O QUE APRENDI
Com o livro “Nómada”, de João Luís Barreto Guimarães, aprendi que não ler poesia regularmente é obliterar uma parte fundamental da experiência de ler e de viver.
Umas semanas mais tarde comprei “Sob a Forma do Silêncio”, do jovem poeta Emanuel Madalena, que li e reli com grande prazer, nomeadamente o curto poema “Dos Atalhos”, que já rabisquei com o meu próprio punho em diferentes blocos de notas, no espelho da casa de banho (escrevo isto com alguma vergonha…) e repito volta e meia como um mantra:
“Conseguir resolver o código do meu corpo e dizer o mundo fora dele.”
Mas voltemos a João Luís Barreto Guimarães, ao seu “Nómada” e ao poema “A hipótese do cinzento” em particular, que gosto de ler baixinho, sussurrando, como se partilhasse um segredo comigo mesma.
O que aprendi, ou melhor, o que ainda estou a aprender e a digerir com a ajuda deste poema, foi que na pessoa que sou por norma — tecnicolor (termo genialmente usado por Jorge Amado para descrever Tieta quando esta chega a Sant’Ana do Agreste sem envergar o luto esperado numa viúva recente), inconformada, desassossegada, extremada, espalhafatosa, reivindicativa, avessa ao morno, ao indefinido, ao brumoso — há também alguém que encontra conforto na hipótese de se diluir na turba. Porque se tudo o resto falhar, mas o instinto de sobrevivência persistir, há de facto esta hipótese de me liquefazer, de me esbater, de passar ainda mais despercebida, de não incomodar para não ser incomodada (como faz, curiosamente, Renée, personagem de ficção do livro que leio por este dias — A Elegância do Ouriço).
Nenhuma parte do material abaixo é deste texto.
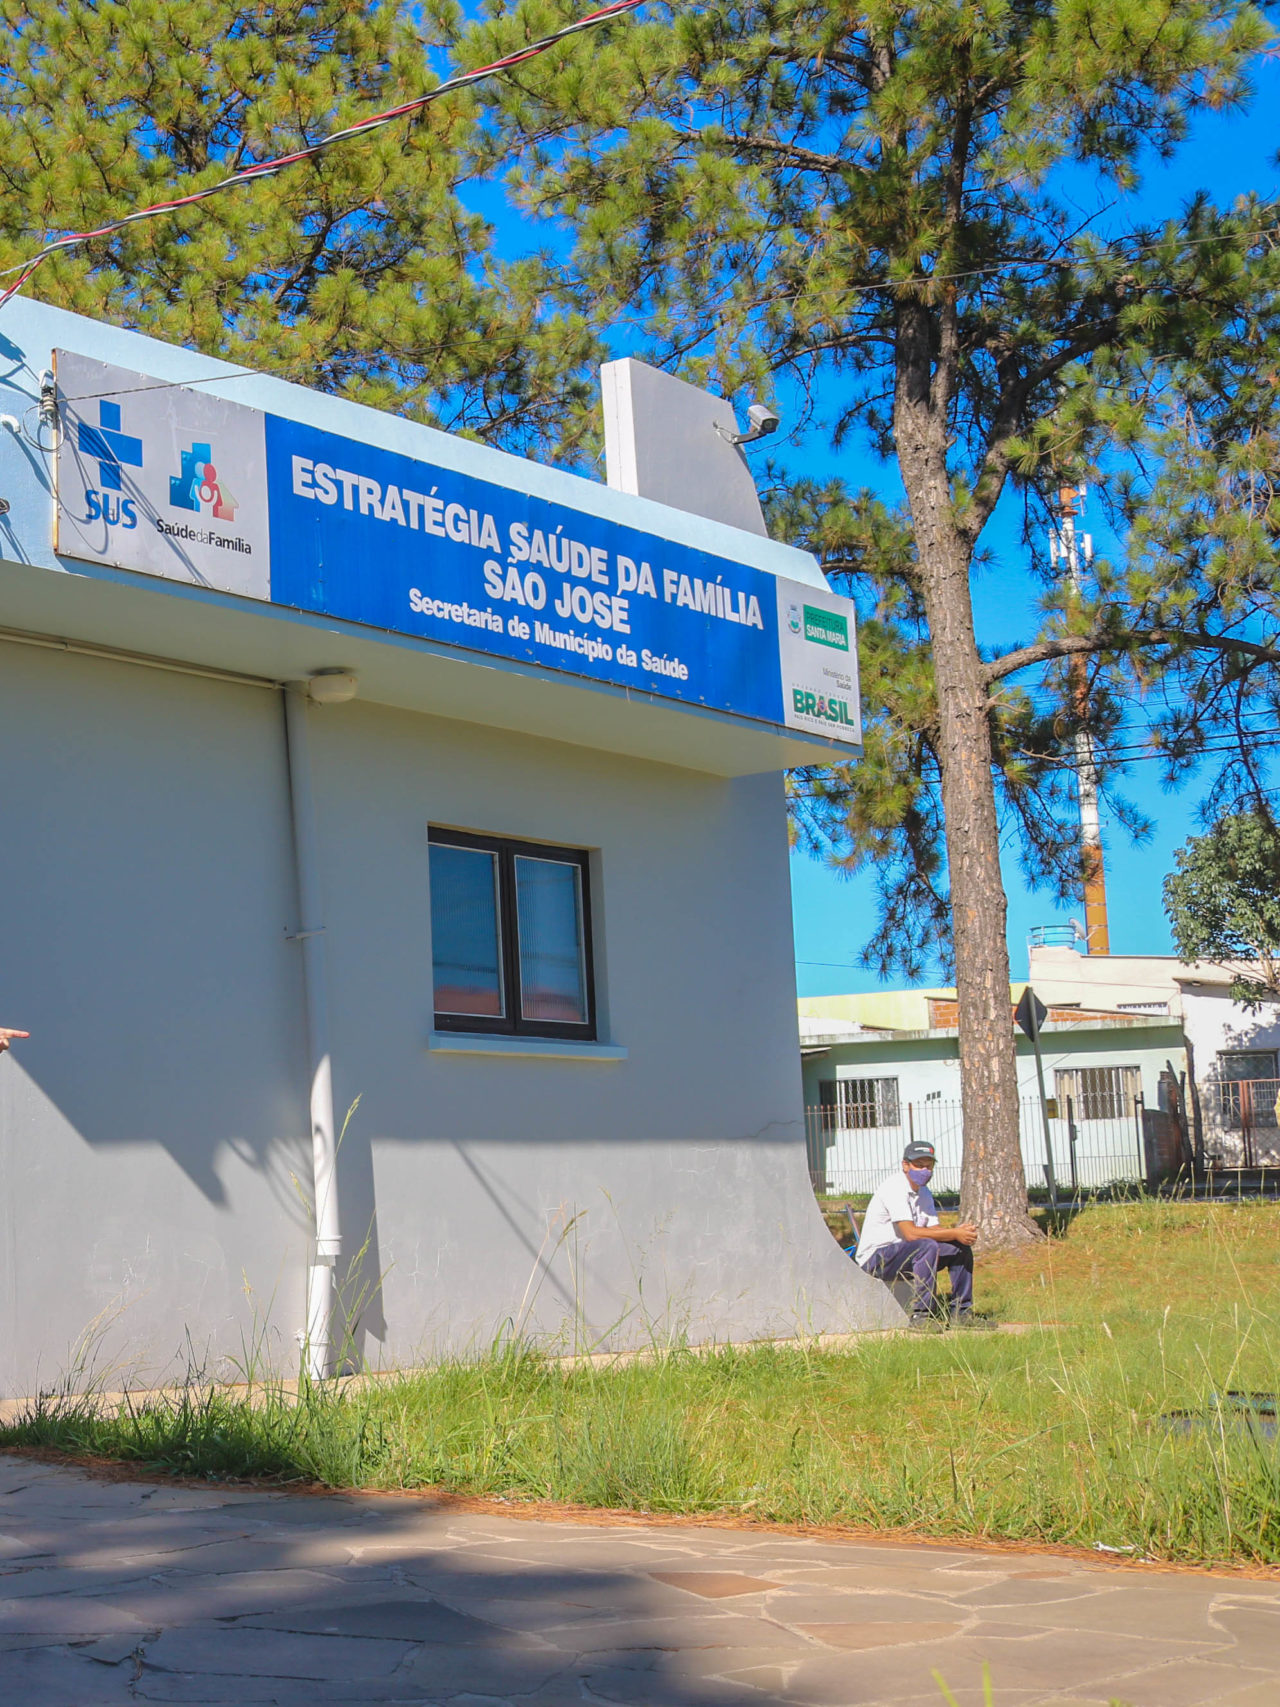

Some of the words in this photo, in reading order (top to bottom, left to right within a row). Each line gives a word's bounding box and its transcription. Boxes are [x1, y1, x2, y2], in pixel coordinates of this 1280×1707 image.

E daqui, desta assunção, deste “segredo” trazido à luz do dia, resulta uma sensação de alívio (que aceito melhor nos dias em que tudo isto não me parece uma cobardia). Exatamente como o alívio que sinto quando ouço a voz cavernosa de Adolfo Luxúria Canibal cantar:
“A hipótese do suicídio liberta-nos para a vida!”
O QUE TRANSPUS PARA A MINHA VIDA
Transpus a determinação em ler poesia mais regularmente. Já agora, estou em vias de escolher o próximo livro de poesia. Dou preferência a autores contemporâneos nacionais e aceito as vossas amáveis sugestões. E dispus-me a aceitar melhor o que há de paradoxal, contraditório em mim, um passo determinante para aceitar melhor o que há de incoerente nos outros, também.
Mas, como disse antes, se este exercício pode providenciar alívio, no que me diz respeito não busco apaziguar-me. Será que me faço entender ou isto acabou por ficar muito confuso?
A QUEM RECOMENDO
Recomendo a leitura d’ “A hipótese do cinzento” a todos os que acham que se conhecem muito bem.